[Date Prev][Date Next][Thread Prev][Thread Next]
[Date Index]
[Thread Index]
- Subject: Re: [ANN] lua-pb Lua Protocol Buffers
- From: "Robert G. Jakabosky" <bobby@...>
- Date: Fri, 24 Jun 2011 22:03:28 -0700
On Friday 24, Josh Haberman wrote:
> Robert G. Jakabosky <bobby <at> sharedrealm.com> writes:
> > -- person.proto:
> > message Person {
> >
> > required string name = 1;
> > required int32 id = 2;
> > required string email = 3;
> >
> > }
> >
> > -- example_person.lua:
> > require"pb" -- first load lua-pb
> > require"person" -- load the above .proto file
> > msg = person.Person() -- create a Person message
>
> I'm all for magic where there's a benefit, but what is
> the benefit over:
No real benefit, I just though it would be cool.
> person = pb.load("person.proto")
This is still supported as:
person = pb.require"person"
or as an embedded .proto:
person = pb.load_proto([[
message Person { ... }
]])
>
> This seems clearer to me.
>
> If you're going the magical route, I think it makes more
> sense to load things into the top-level namespace, based
> on the package name specified in the .proto file:
>
> // person.proto
> package foo.bar
> message Person { ... }
>
> -- test.lua
> require "person"
> msg = foo.bar.Person()
Yes, this seems like a good idea. if the .proto has a defined package name,
then that will be used instead of what is passed to require().

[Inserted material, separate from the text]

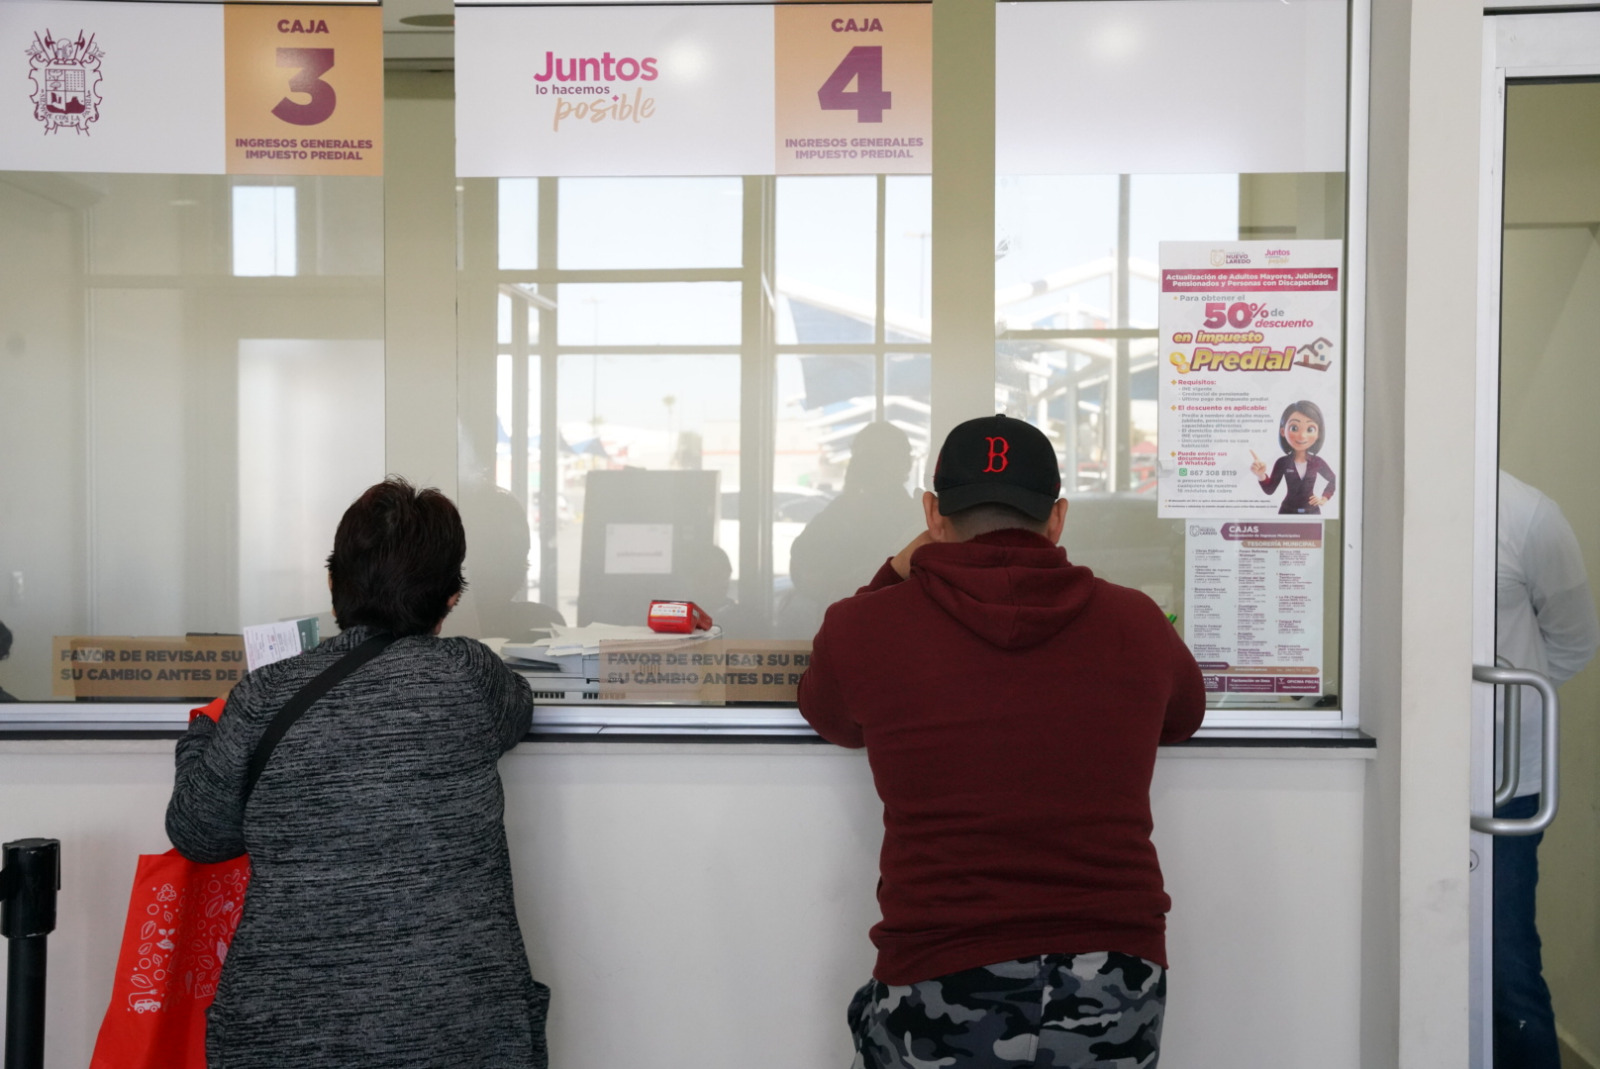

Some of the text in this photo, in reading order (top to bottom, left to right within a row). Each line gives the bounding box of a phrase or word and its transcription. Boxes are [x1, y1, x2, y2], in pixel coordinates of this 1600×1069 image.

> > I am planning on adding these methods to the message interface:
> > msg:MergeFrom(msg1)
> > msg:CopyFrom(msg1)
> > msg:Clear()
> > msg:IsInitialized()
> > msg:MergeFromString(str)
> > msg:ParseFromString(str)
> > msg:SerializeToString()
> > msg:SerializePartialToString()
> > msg:ByteSize()
>
> I'm thinking more and more that it makes sense to separate
> the in-memory representation of a protobuf from its
> serializations (text format, binary format, JSON, etc),
> both code-wise and API-wise.
>
> I have plans to write a C-based protobuf extension for
> Lua, and my plans were to have something like:
I am very interested to see how you implement the interface to nested C data
structures. I have done this for a private project and it is an interesting
problem (reference counting, nested structure, arrays of structures).
> -- These are as you mentioned, because they are not
> -- specific to any one serialization format.
> msg:Clear()
> msg:IsInitialized()
> msg:CopyFrom(msg1)
This one should be included too:
msg:MergeFrom(msg1) -- CopyFrom() clears the message first.

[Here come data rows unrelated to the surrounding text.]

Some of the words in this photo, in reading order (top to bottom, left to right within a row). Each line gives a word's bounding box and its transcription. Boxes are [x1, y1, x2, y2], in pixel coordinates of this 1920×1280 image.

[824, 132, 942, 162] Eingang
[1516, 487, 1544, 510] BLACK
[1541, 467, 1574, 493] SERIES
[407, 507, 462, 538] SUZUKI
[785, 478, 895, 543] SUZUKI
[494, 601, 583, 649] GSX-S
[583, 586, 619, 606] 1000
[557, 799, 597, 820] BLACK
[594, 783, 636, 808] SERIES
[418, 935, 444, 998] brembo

> -- These are specific to one or more serializations:
> pb.Serialize(msg)
> pb.SerializeText(msg)
> pb.SerializeJSON(msg)
> msg = pb.Parse(str)
> msg = pb.ParseText(str)
> msg = pb.ParseJSON(str)
Why not pass the format as a parameter?
msg:Serialize(format, ...)
msg:SerializePartial(format, ...) -- this doesn't check required fields.
msg:Parse(str, format, ...)
and use the binary format as the default if 'format' is not provided. New
formats can be 'registered' with the library.

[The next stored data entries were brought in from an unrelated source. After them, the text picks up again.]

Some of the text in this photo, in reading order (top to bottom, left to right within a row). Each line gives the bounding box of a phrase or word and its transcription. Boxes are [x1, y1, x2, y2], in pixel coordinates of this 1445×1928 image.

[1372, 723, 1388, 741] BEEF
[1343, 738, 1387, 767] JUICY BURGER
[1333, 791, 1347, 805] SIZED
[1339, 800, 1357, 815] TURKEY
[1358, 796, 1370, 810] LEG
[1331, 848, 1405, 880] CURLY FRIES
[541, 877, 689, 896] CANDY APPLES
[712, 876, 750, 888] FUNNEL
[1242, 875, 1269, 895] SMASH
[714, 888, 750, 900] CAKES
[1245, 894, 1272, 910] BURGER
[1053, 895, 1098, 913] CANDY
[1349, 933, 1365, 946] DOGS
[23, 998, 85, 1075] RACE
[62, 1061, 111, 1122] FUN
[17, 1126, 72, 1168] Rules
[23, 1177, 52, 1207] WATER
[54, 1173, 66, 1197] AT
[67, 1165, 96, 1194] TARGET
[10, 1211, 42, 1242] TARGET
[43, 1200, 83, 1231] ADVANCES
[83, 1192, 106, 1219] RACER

> Don't worry, I don't plan to use the "pb" namespace --
> I'm planning to put everything under "upb", since that's
> the name of my project:
> https://github.com/haberman/upb/wiki
I have been keeping an eye on your 'upb' project for a long time (I think for
more then a year) waiting for it to become usable. I still can't wait to see
it finished. One of the reasons I started lua-pb is that I wanted to see how
close LuaJIT could get to the speed of your JIT'ed decoder (haven't optimized
the project for LuaJIT yet, so it is not even close right now).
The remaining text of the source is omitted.